How to compute distance between two lines (sequence of 2-coordinate points) in Julia

Question

I have two functions, y = f(x) and y = g(x), defined through Array{Float64,2} -- a sequence of (x, y) points.

I want to find such f'(x) = f(x+dx) + dy that the distance between the functions on the chart is minimal. For example, here, the distance is already quite small, but it could be even smaller.

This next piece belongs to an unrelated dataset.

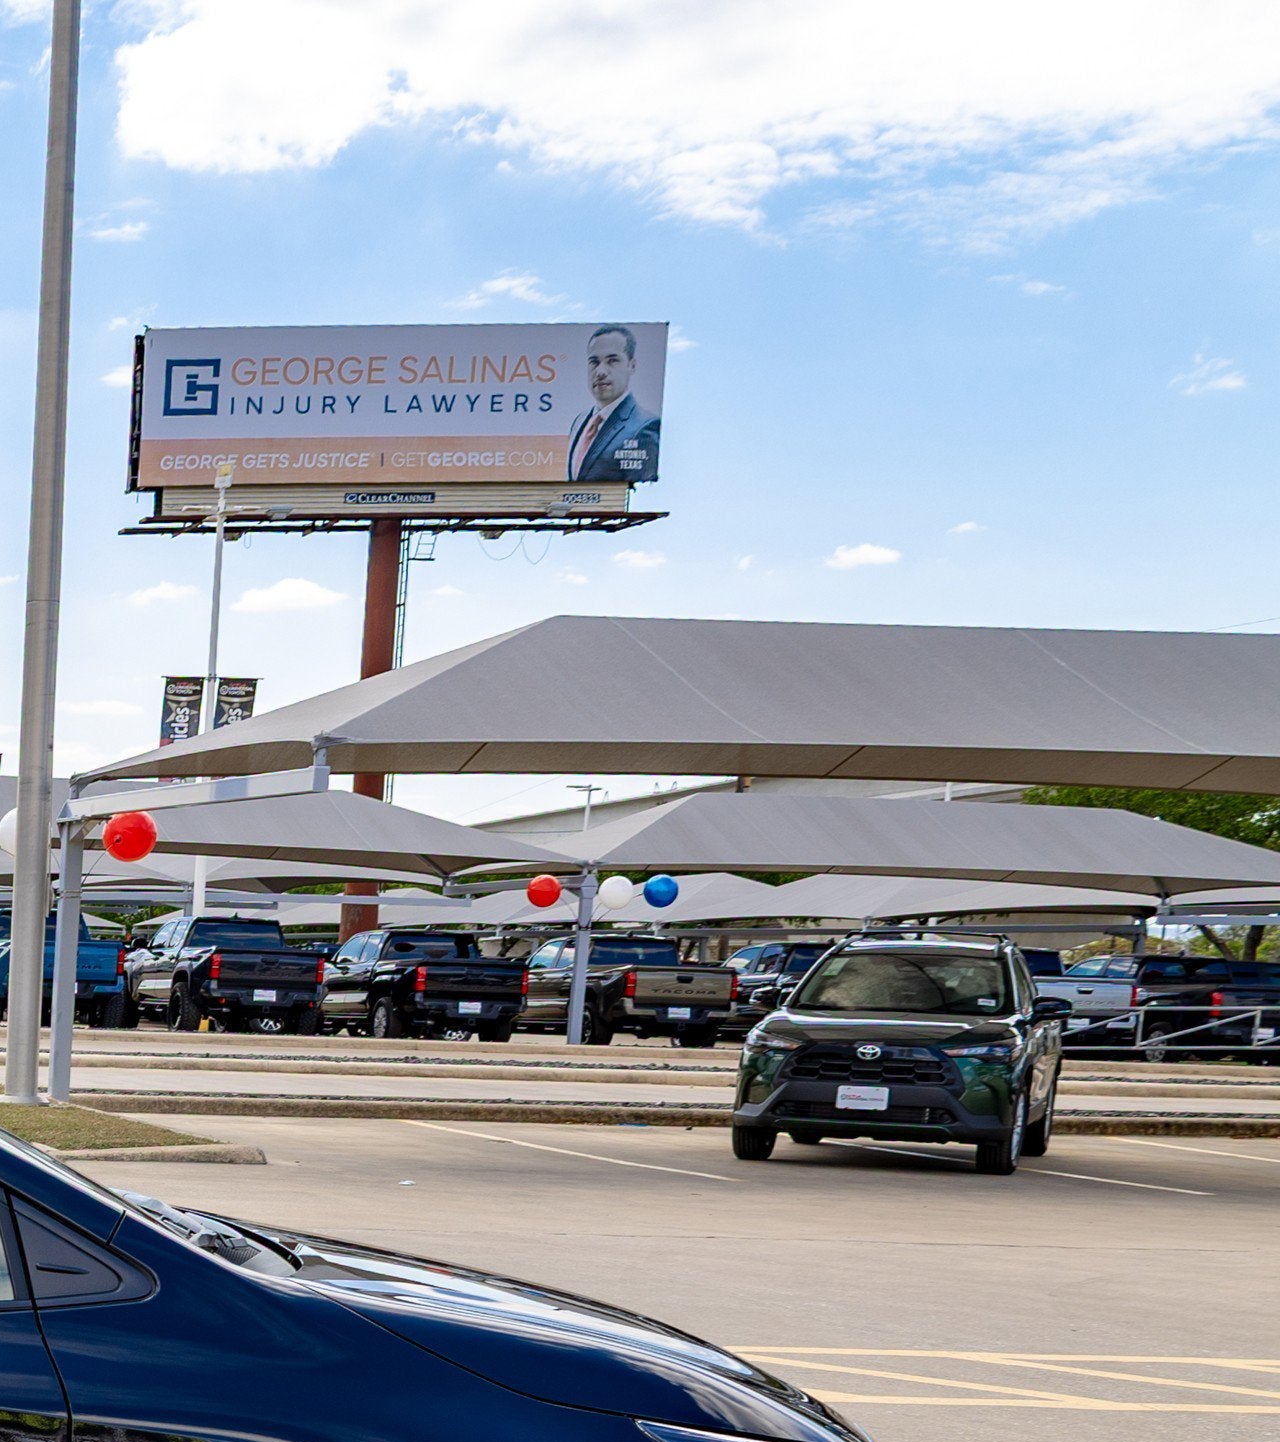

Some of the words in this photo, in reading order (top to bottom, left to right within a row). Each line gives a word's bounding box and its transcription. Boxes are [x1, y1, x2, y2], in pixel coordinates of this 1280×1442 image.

In my particular case, the number of points in two arrays is identical, so I tried to minimise the following function (assuming p = [dx, dy]):

loss(p) = sum(abs2, mapslices(x -> x .- p, f .- g, dims=2))

But, apparently, this doesn't work well. Also, it would be nice to be able to work with arrays of different sizes.

Answer 1

@leventov, I have thought about this solution using Optim, which minimizes the vector along one curve with the minimum distances to the second. Arbitrary array lengths allowed and there is no need to interpolate/extrapolate.

using Optim, LinearAlgebra, Plots, Printf

function costf(x0)
    n, m = length(x1), length(x2)
    d = fill(Inf,n,1)
    for (ux, uy, i) in zip(x1, y1, 1:n)
        for (vx, vy) in zip(x2, y2)
            dij = norm([ux - vx - x0[1], uy - vy - x0[2]])
            dij < d[i] ? d[i] = dij : nothing
        end
    end
    return sum(d .^0.5)   # better metric for this problem
end

# x1, y1 = [-2.; -1; 0; 1; 2; 3], [4.; 1; 0; 1; 4; 9]
# x2, y2 = [0.; 0.5; 1; 2; 1], [0.; -0.75; -1; 0; 3]
x1 = -2:0.1:2;  y1 = x1 .^2
z = [exp(im*i/36*2pi) for i in 0:36]
x2, y2 = pi .+ 0.5*real(z), exp(1) .+ 0.5*(1.0 .+ imag(z))
x0 = [-2.0, -1.0]
res = optimize(costf, x0)
x0 = Optim.minimizer(res)

str = "Optim shift: dx= " * @sprintf("%.2f",x0[1]) * ", dy= " * @sprintf("%.2f",x0[2])
plot(x1,y1, color=:cyan, labels= "Input curve-1", legend=:topleft, aspectratio=1)
plot!(x2,y2, color=:blue, labels= "Input curve-2")
plot!(x2 .+ x0[1], y2 .+ x0[2], color=:red, labels= str)

Answer 2

So the steps you would need to take is:

1. find the range of dx that will ensure at least 50% overlap of the curves
2. define both curves, call them f and g, using interpolate (without extrapolate) from Interpolations.jl using the points you have
3. define a function that will calculate the aggregate distance between them; the easiest would be to use QuadGK.jl with the range of integration based on dx and the range of curves (so that we integrate without extrapolating, call the ends of this range xmin and xmax): quadgk(x -> (f(x)-g(x+dy)+dy)^2, xmin, xmax)); make it a function of dx and dy
4. then use e.g. Optim.jl to find optimal dx and dy (with the constraint on dx)

Answer 3

One solution that I came up with (not sure how optimal is it):

using Interpolations, LsqFit

etp = extrapolate(interpolate((fx,), fy, Gridded(Linear())), Line())

model(x, p) = collect(map(i -> etp[i], x.+p[1])).+p[2]

fit = curve_fit(model, gx, gy, [0.0, 0.0])
res = coef(fit) # outputs an array like [dx, dy]

Also, this solution actually does extrapolate outside of the lines. I didn't find a way to change the fitting range depending on the parameters.